Global patent protections are tied to global rules on trade, specifically, the rules of the World Trade Organization. Although the WTO’s strict intellectual property rules carve out exceptions for national health emergencies, they still go a long way toward limiting poor peoples’ access to life-saving medicines.
And as Oxfam has shown in a paper titled “Patent Injustice,” the problem extends beyond HIV/AIDS. Brand-name drugs for a number of major diseases cost several times more than their generic equivalents. The increasing drug resistance of endemic illnesses such as tuberculosis and malaria – and the resulting need for access to new drugs – means that the WTO’s monopolistic pricing rules threaten many millions of the world’s poor.
The Brazil Model
Despite the WTO’s restrictions, some developing countries have made important steps in meeting their peoples’ drug treatment needs.

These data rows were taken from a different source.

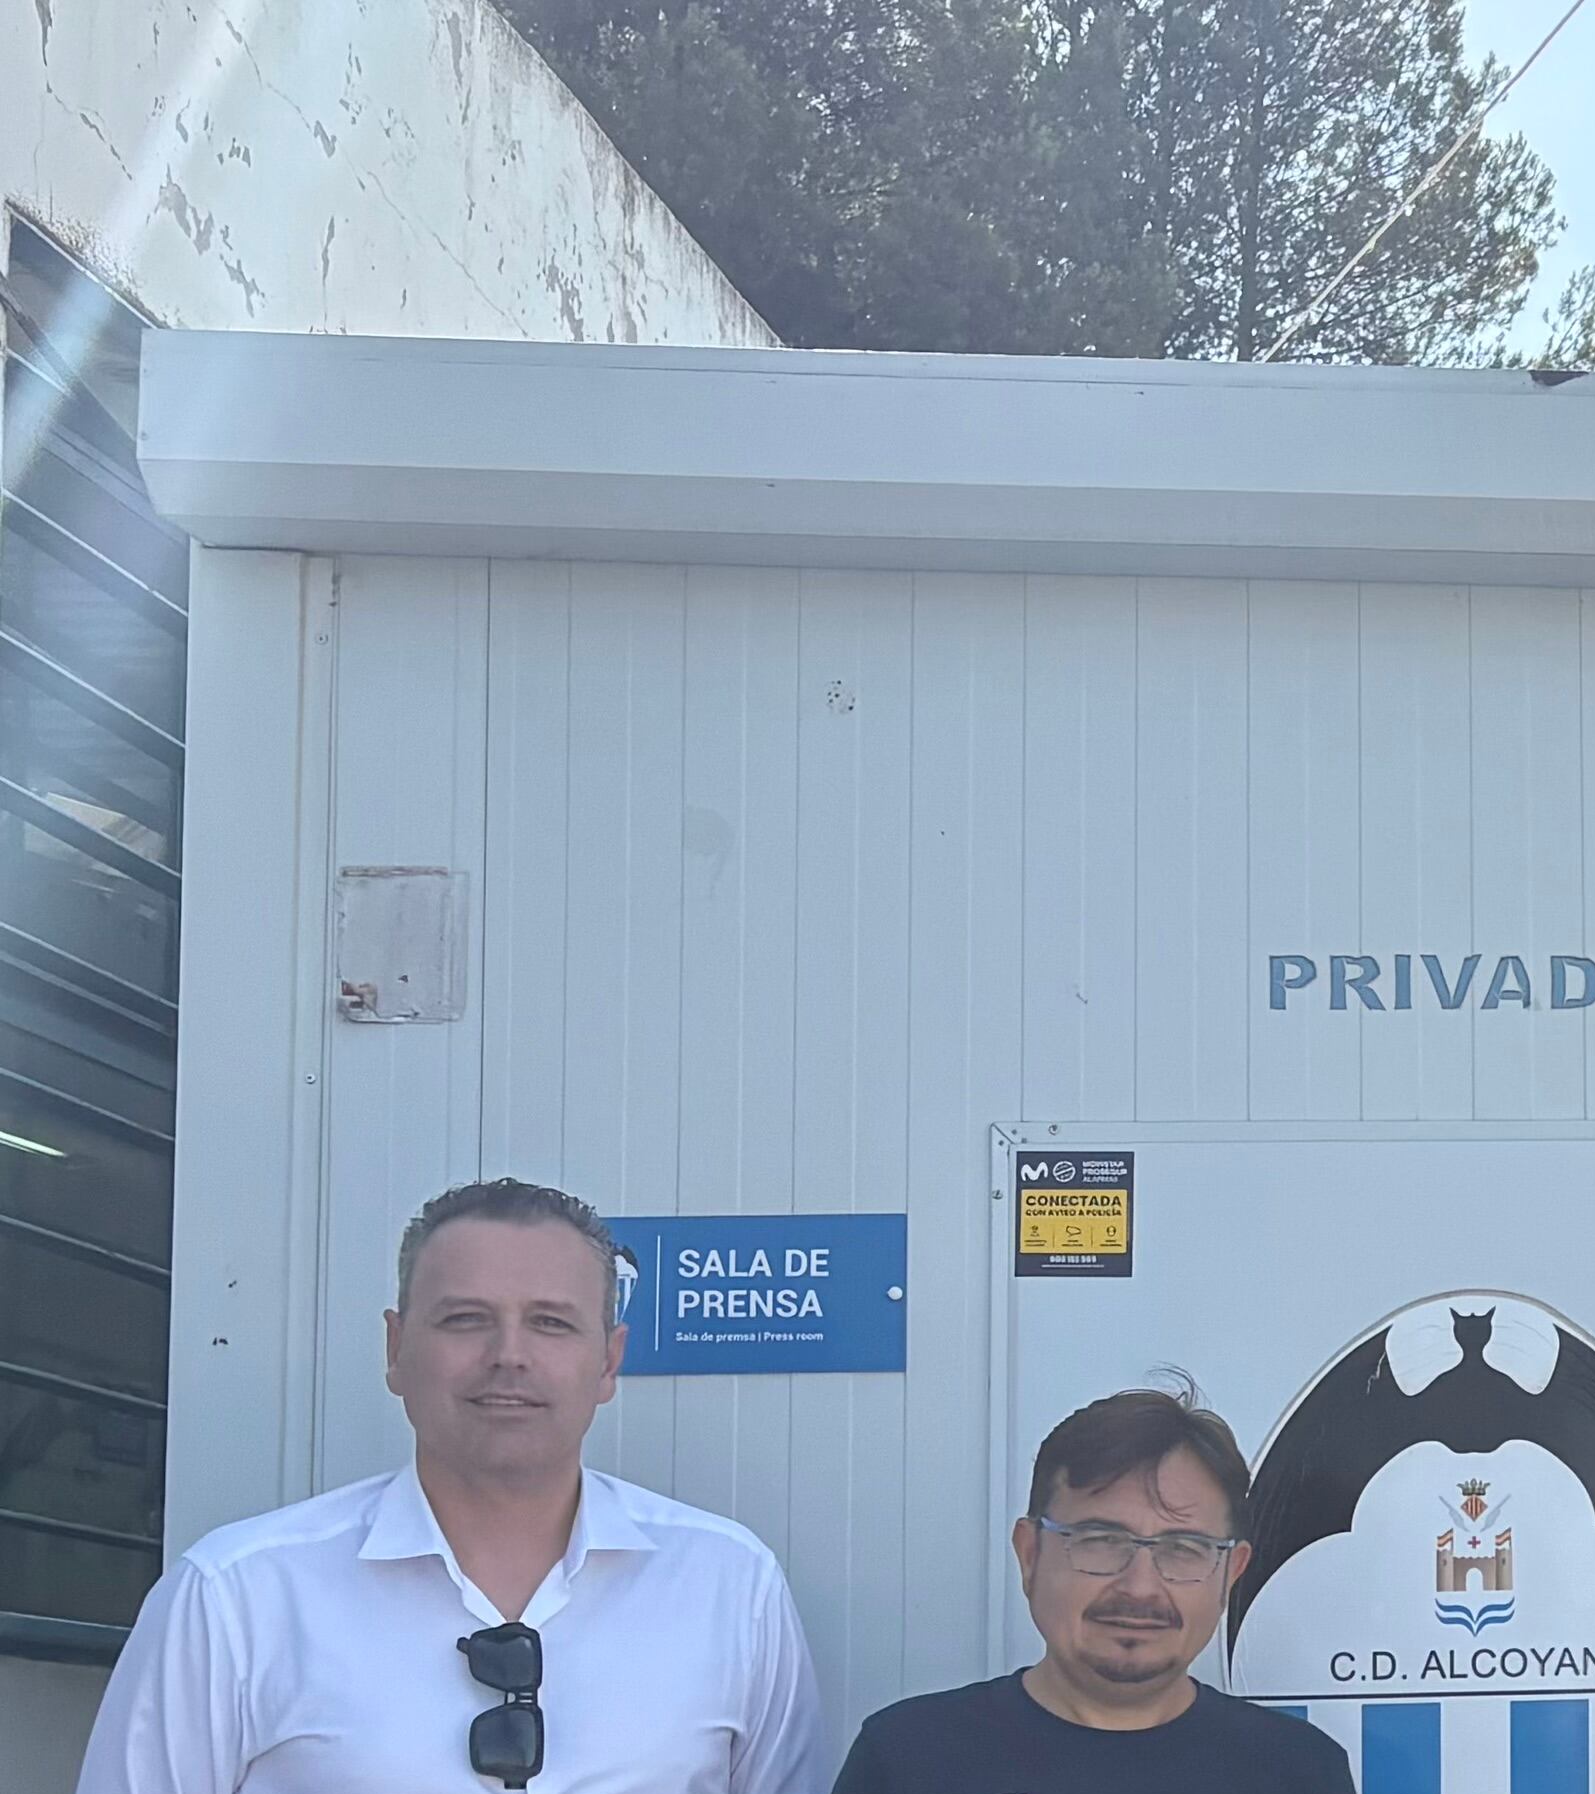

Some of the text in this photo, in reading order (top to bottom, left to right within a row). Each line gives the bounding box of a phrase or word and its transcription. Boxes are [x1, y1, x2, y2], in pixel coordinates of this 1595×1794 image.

[1025, 1195, 1122, 1207] CONECTADA
[678, 1249, 830, 1278] SALA DE
[677, 1289, 824, 1318] PRENSA
[675, 1331, 699, 1342] Sala
[700, 1331, 714, 1342] de
[763, 1331, 794, 1342] Press
[796, 1333, 824, 1342] room
[1329, 1650, 1408, 1682] C.D.

In Brazil, notably, extensive prevention efforts combined with state-funded anti-retroviral treatment have reduced AIDS-related deaths by more than half since 1996. The cornerstone of Brazil’s treatment program has been the local production of generic equivalents of brand-name anti-retroviral drugs, which has driven down the cost of treatment enormously.

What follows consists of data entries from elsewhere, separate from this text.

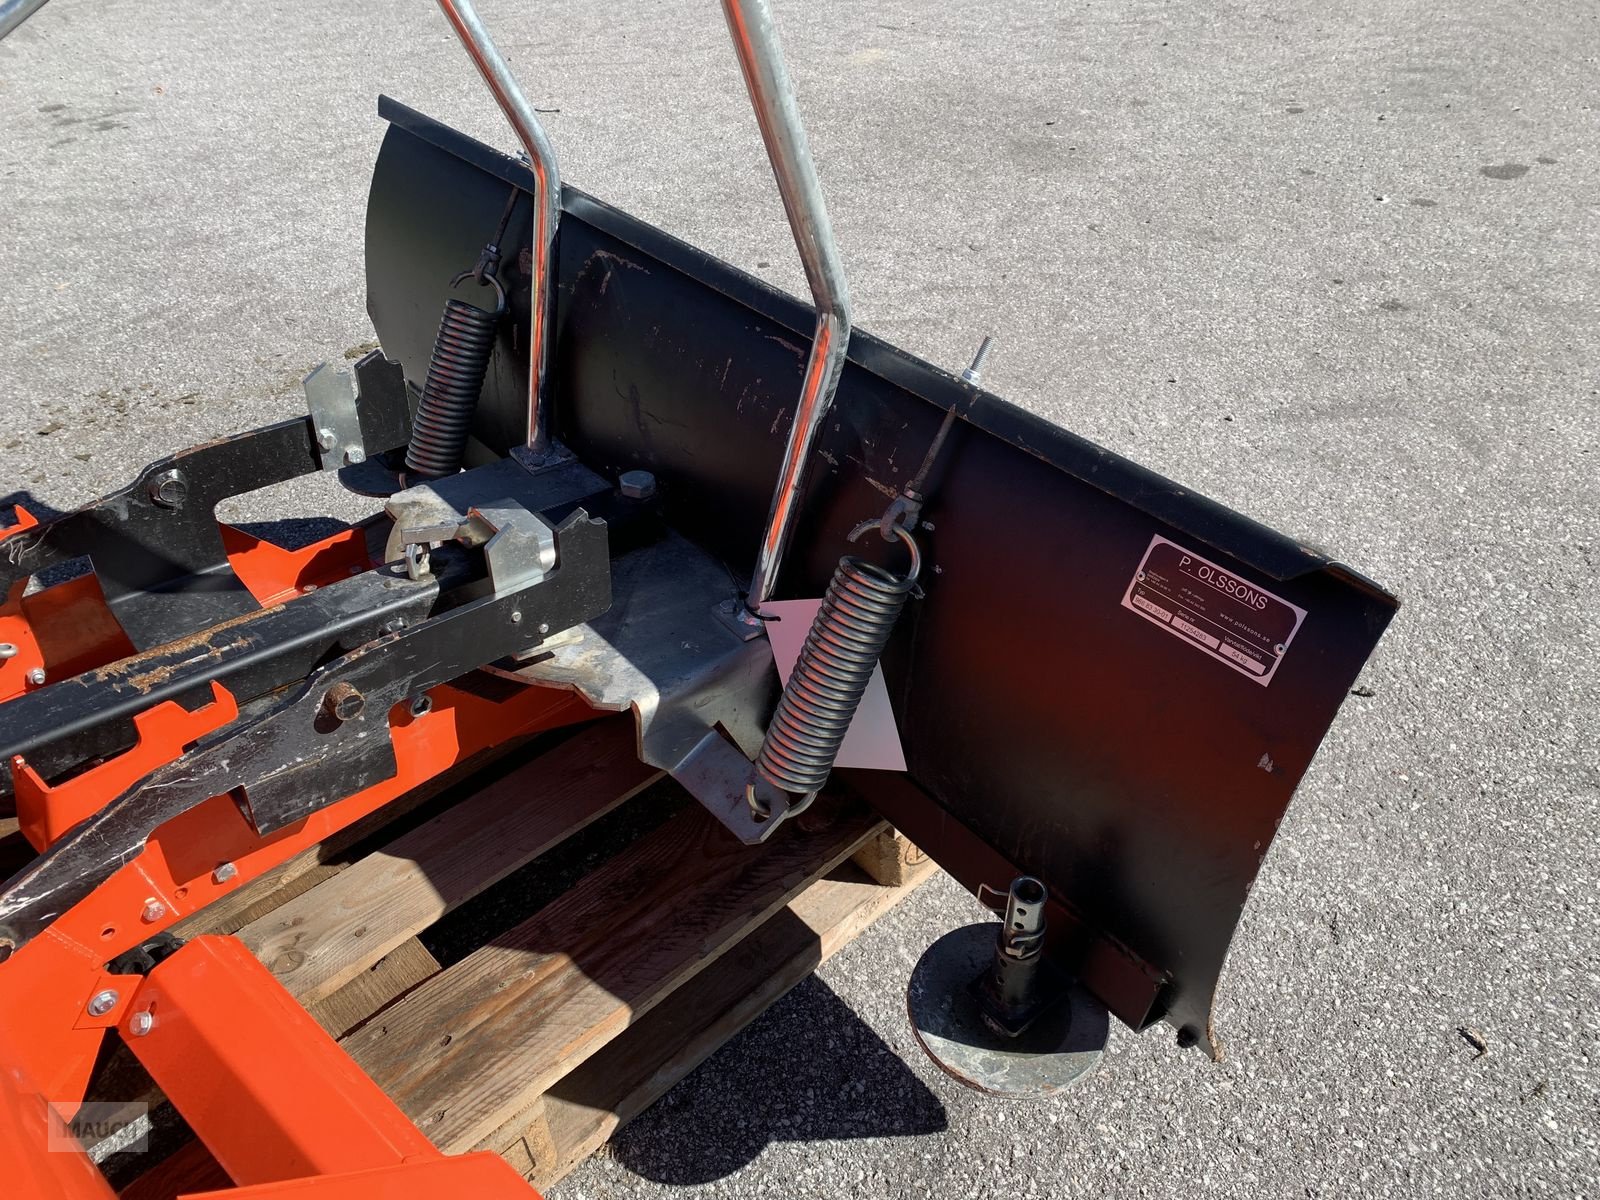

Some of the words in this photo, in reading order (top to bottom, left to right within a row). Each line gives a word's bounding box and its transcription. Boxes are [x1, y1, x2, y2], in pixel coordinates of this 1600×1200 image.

[1179, 555, 1191, 572] P.
[1198, 566, 1268, 610] OLSSONS
[1138, 588, 1146, 596] Typ
[1177, 610, 1190, 620] Serie
[1231, 650, 1241, 660] 54
[1240, 656, 1248, 665] kg

But Brazil’s successes, and those of countries like it, have been hard fought. The WTO rules have been a battleground on which Brazil and others have fought a series of high-stakes skirmishes with drug companies.

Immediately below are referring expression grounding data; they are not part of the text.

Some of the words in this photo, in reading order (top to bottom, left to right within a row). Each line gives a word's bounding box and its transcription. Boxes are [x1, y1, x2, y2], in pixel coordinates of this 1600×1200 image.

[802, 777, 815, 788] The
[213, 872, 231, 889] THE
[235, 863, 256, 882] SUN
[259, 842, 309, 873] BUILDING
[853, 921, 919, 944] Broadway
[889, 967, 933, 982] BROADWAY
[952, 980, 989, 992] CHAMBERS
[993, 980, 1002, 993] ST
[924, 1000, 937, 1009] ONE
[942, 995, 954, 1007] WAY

Backed by one of the world’s richest and most politically influential industrial lobbies, the drug companies have enlisted the U.S. government as a loyal ally in the campaign against generics. Through the office of the U.S. Trade Representative, the United States has fought to advance the interests of the pharmaceutical industry, pressuring other governments on a bilateral basis and threatening to seek trade sanctions via the WTO.
The U.S. vote last Wednesday in the Third Committee of the U.N. General Assembly was not too surprising, given this record. Still, it was dismaying to find the United States willing to stand alone against 167 other countries – as if it were a matter of principle to oppose a resolution calling for widespread public access to the drugs necessary to combat global epidemics such as HIV/AIDS, tuberculosis and malaria.
Future Trade Agreements
The U.N. vote is, moreover, a worrisome portent for the future. At present, the U.S. Trade Representative is negotiating a number of bilateral and multilateral trade agreements, including the proposed Free Trade Area of the Americas. Given U.S. advocacy on behalf of pharmaceutical companies, interests, these agreements are likely to go beyond the WTO’s rules in protecting drug patents.
President George Bush, in a number of his most high-profile speeches, has expressed a rhetorical determination to assist in the global fight against HIV/AIDS. By allowing U.S. officials to lead the world in protecting the commercial interests of drug companies, he betrays his public commitment to this cause.